This is the newest incarnation of the HVAC mod for running blue, green or white LEDs.. If you are running red LEDs or are only swapping the gauge LEDS, then you do not need to perform this mod. As always, I take no responsibility for anything you may do to damage the board. The mod itself works, but you always take a small risk of damaging something when you begin modding. I have 6 years of schooling and 2 degrees in the areas of electronics engineering (telecommunications and control systems) and engineering management, for those leary of taking someone on the internets mod and applying it to your baby But like I said, be careful not to damage anything while working. I reccomend taking static precautions since you are working around static sensitive devices, using a soldering iron with proper ESD protection, etc.
Before beginning, it is a good idea to determine if this is a job you want to tackle if you do not have a lot of experience with this. Below is a list of what is involved:
1. De-soldering the LCD for the clock. This is probably one of the more tedious pieces. This takes some patience to do right and can result in a broken LCD, which is replaceable only through purchasing an entire HVAC module. So be careful on this step!
2. De-soldering all LEDs and some surface mount resistors. These parts are very small, so be ready to work with tweezers.

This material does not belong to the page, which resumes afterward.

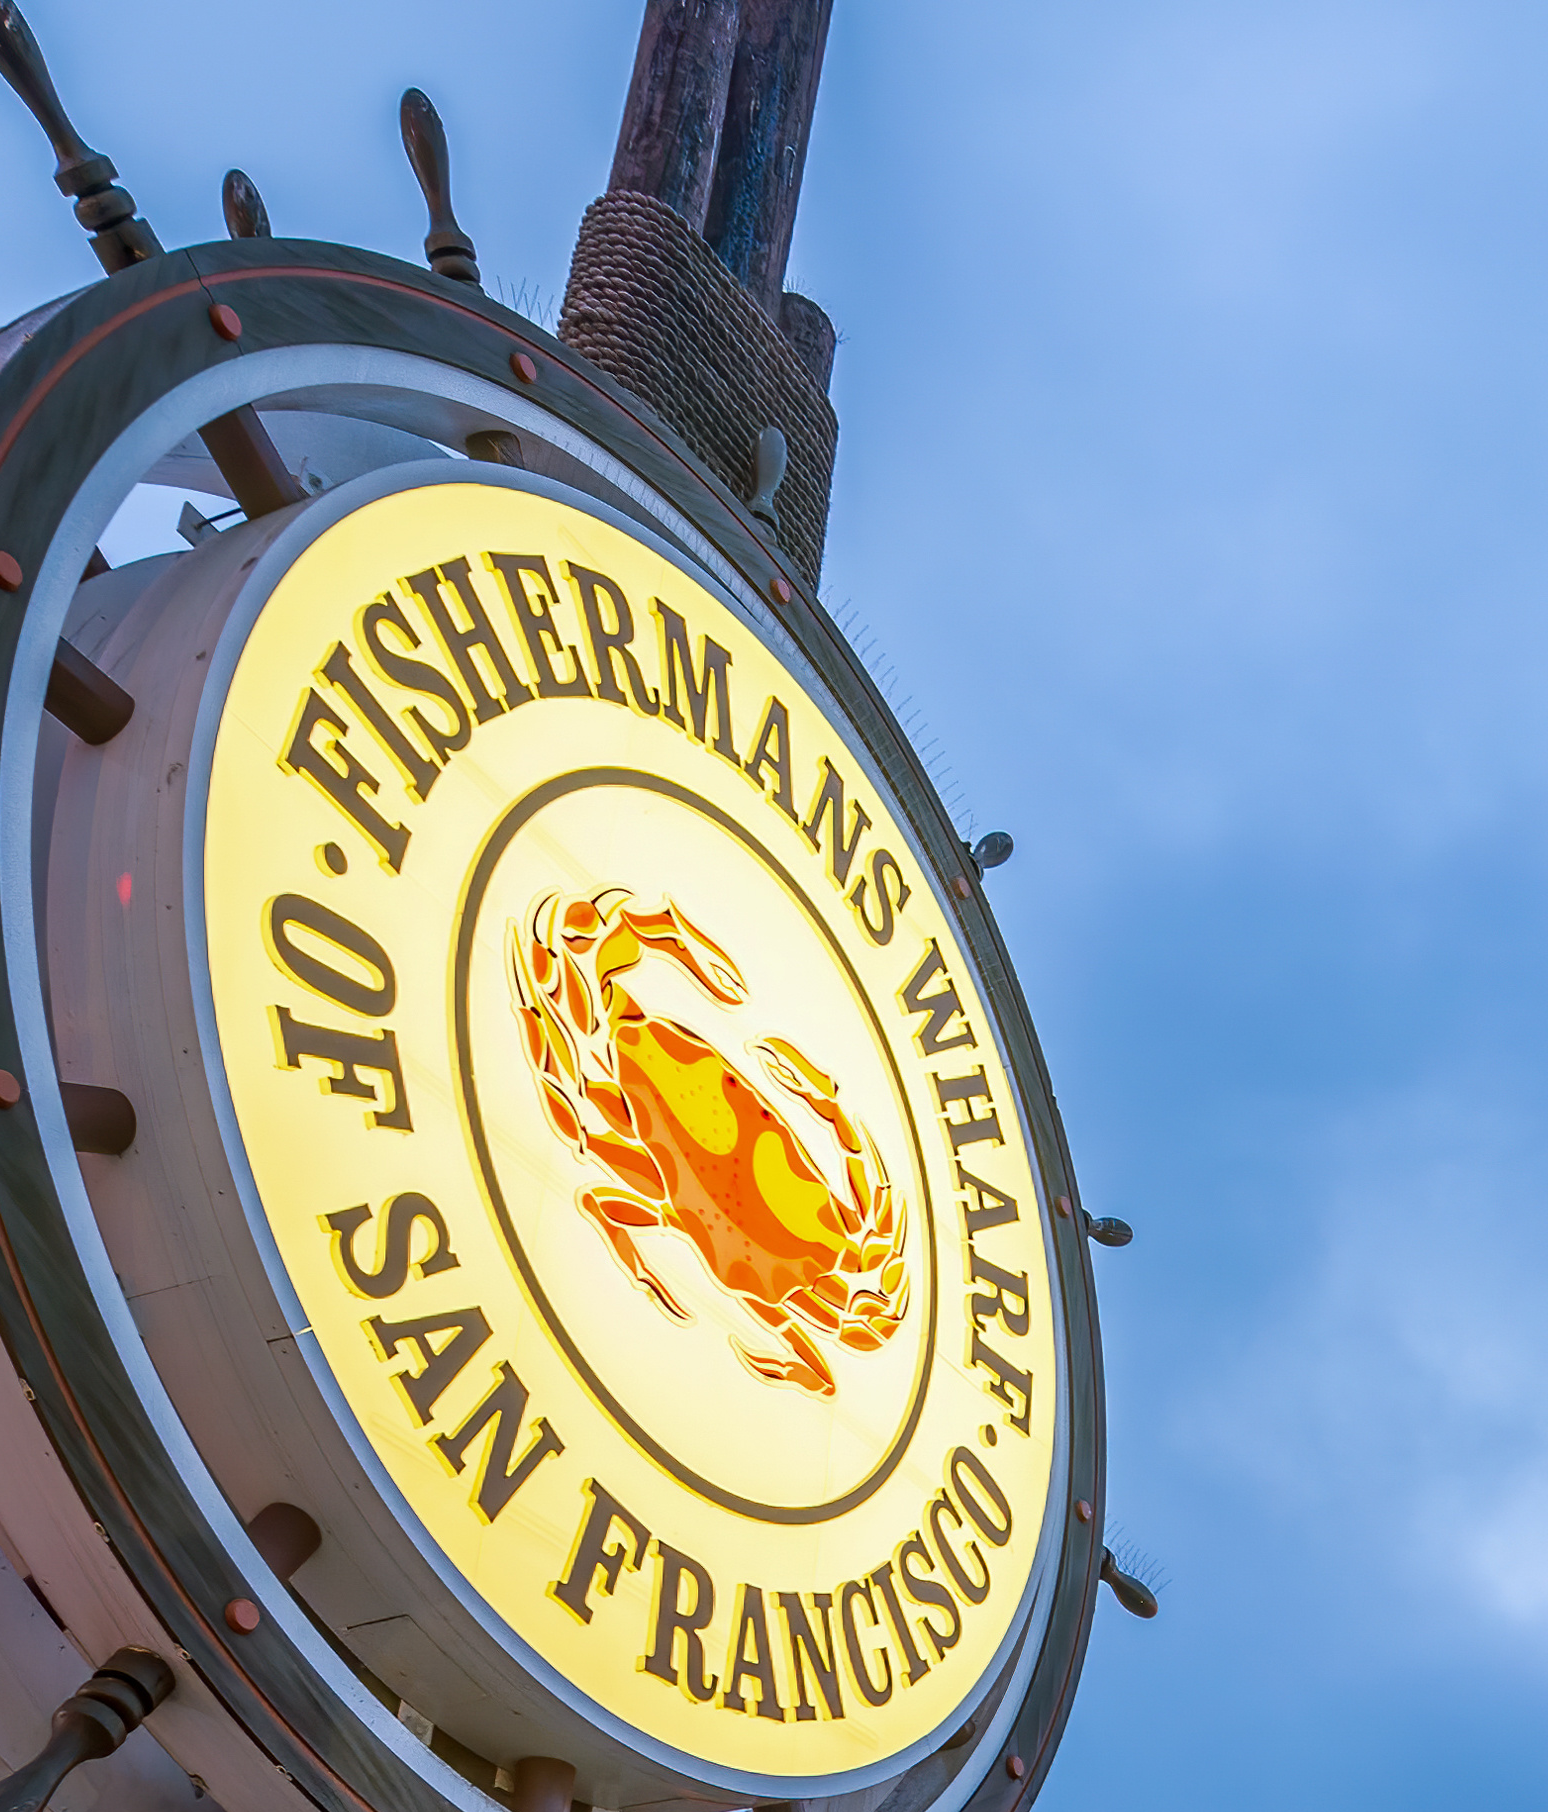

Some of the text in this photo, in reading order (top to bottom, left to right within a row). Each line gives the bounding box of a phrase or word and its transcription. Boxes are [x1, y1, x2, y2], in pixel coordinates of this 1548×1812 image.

[264, 889, 1013, 1722] OF SAN FRANCISCO
[283, 554, 1034, 1438] FISHERMANS WHARF

3. Soldering the new parts back in and soldering in the LCD
Tools you will need for this:
1. Soldering iron: 25-30W is plenty. Work quickly if you use a 30W iron. A temperature controlled iron is recommended, but I realize many may not want to spend $150 or so for one of these. You will need a small pointed tip for this (if using Cooper/Weller irons, I recommend an ETO or ETA tip).

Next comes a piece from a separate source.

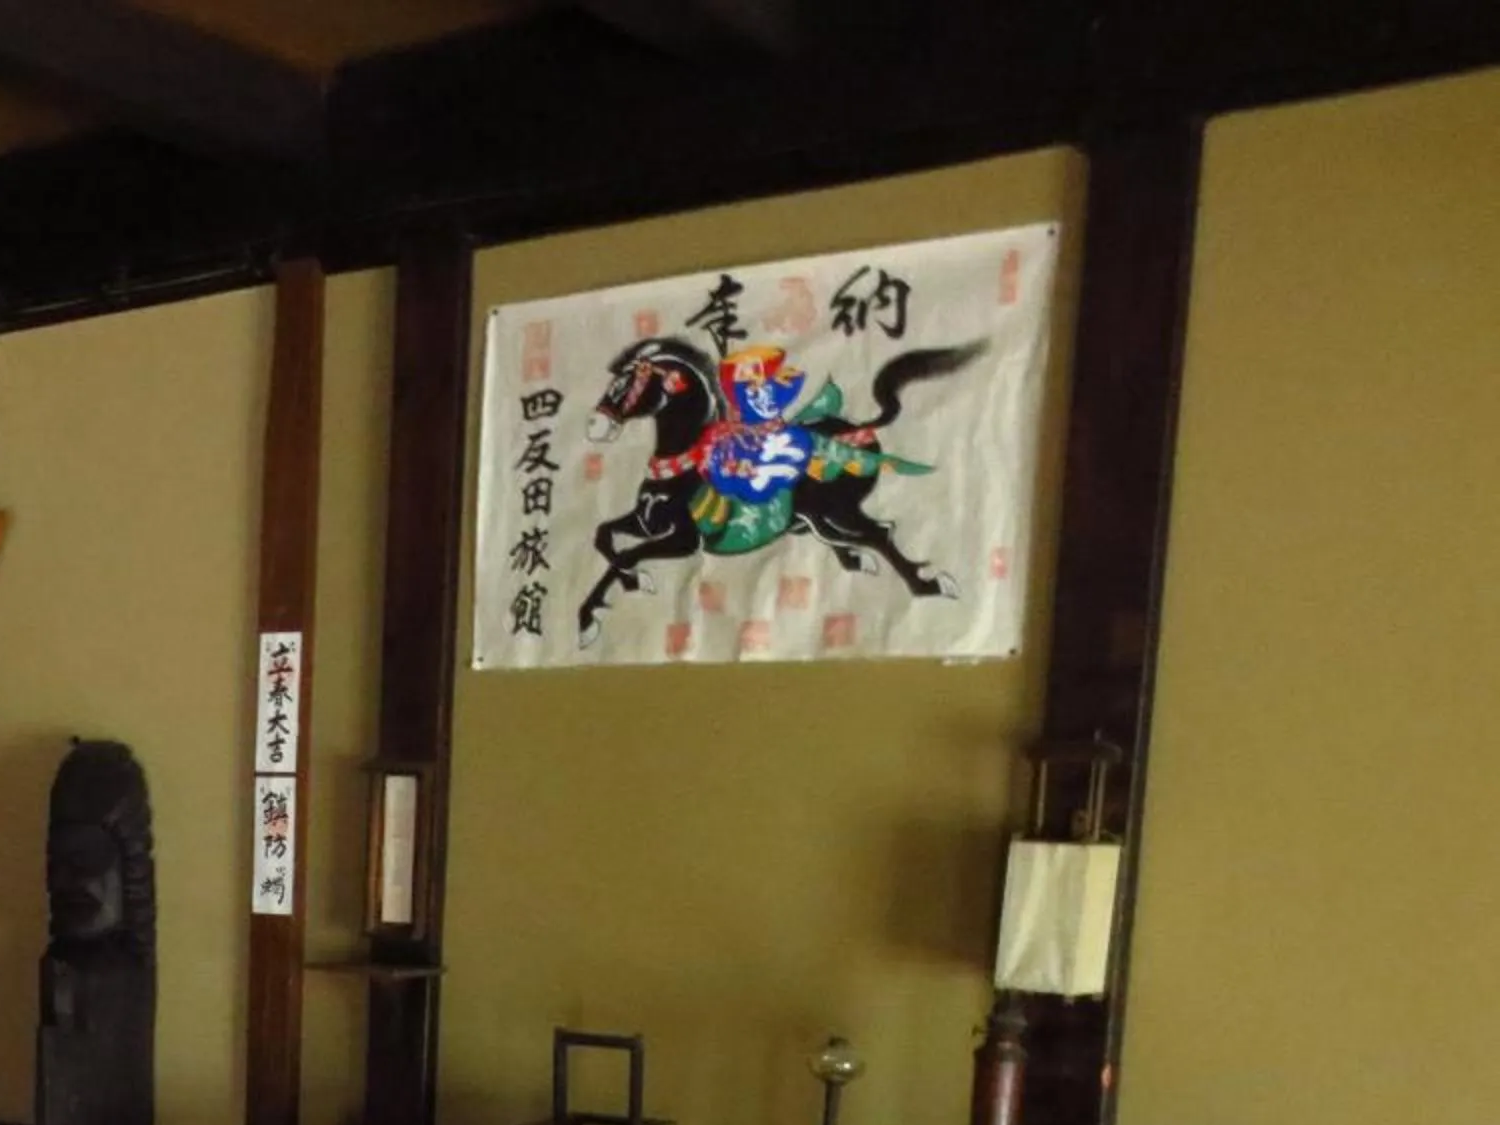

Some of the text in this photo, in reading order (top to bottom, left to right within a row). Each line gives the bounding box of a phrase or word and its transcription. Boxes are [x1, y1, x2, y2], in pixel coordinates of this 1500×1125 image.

[510, 388, 564, 635] 四反田旅館
[266, 641, 294, 764] 立春大吉

2. Solder sucker: You can purchase a cheap one that is heated from Radio Shack or a similar store for around $10. Solder wick works great as well, but if you are not experience using it, the sucker may be a better option
3. Solder: You will need a small gauge solder for this.
4. Tweezers
5. Needle nose pliers: to remove the temp **** lock nut
Parts needed for the 2007 HVAC board
16 - PLCC-2 LEDS (18 if you want to do the gradient effect on the temp ****)
3 – 0805 package 43 Ohm SMT resistors
1 – 0805 package 130 Ohm SMT resistor
1 – 0805 package 420 Ohm SMT resistor
1 – 0805 package 680 Ohm SMT resistor
1 – 0806 package 560 Ohm SMT resistor
1 – SP-3SU package +10V regulator 1.2A rating
Ok, let’s get started.
I don’t recommend this if you are not familiar with or comfortable with soldering and wiring. I won’t go through soldering techniques or disassembling the console, as this has already been covered in these other posts.

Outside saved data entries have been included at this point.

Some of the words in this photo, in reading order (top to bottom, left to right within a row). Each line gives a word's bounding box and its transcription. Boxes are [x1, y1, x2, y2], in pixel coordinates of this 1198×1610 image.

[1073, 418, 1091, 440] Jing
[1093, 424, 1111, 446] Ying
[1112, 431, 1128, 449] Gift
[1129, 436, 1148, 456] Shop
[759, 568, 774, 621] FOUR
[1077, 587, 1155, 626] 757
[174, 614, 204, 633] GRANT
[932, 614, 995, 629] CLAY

https://www.scionlife.com/forums/viewtopic....t=37747&start=0
https://www.scionlife.com/forums/viewtopic....t=61793&start=0
I will focus on the circuit design. I will note one thing though. Be VERY patient with the LCD. Use solder wick and/or a desoldering iron, and move from one end to the other so you are not focusing heat on one area too long. It will seem they will never come loose, but there is solder all the way through, so it takes a while to get it all out. Don’t try removing it until you can see all pins on the bottom move when you wiggle the display.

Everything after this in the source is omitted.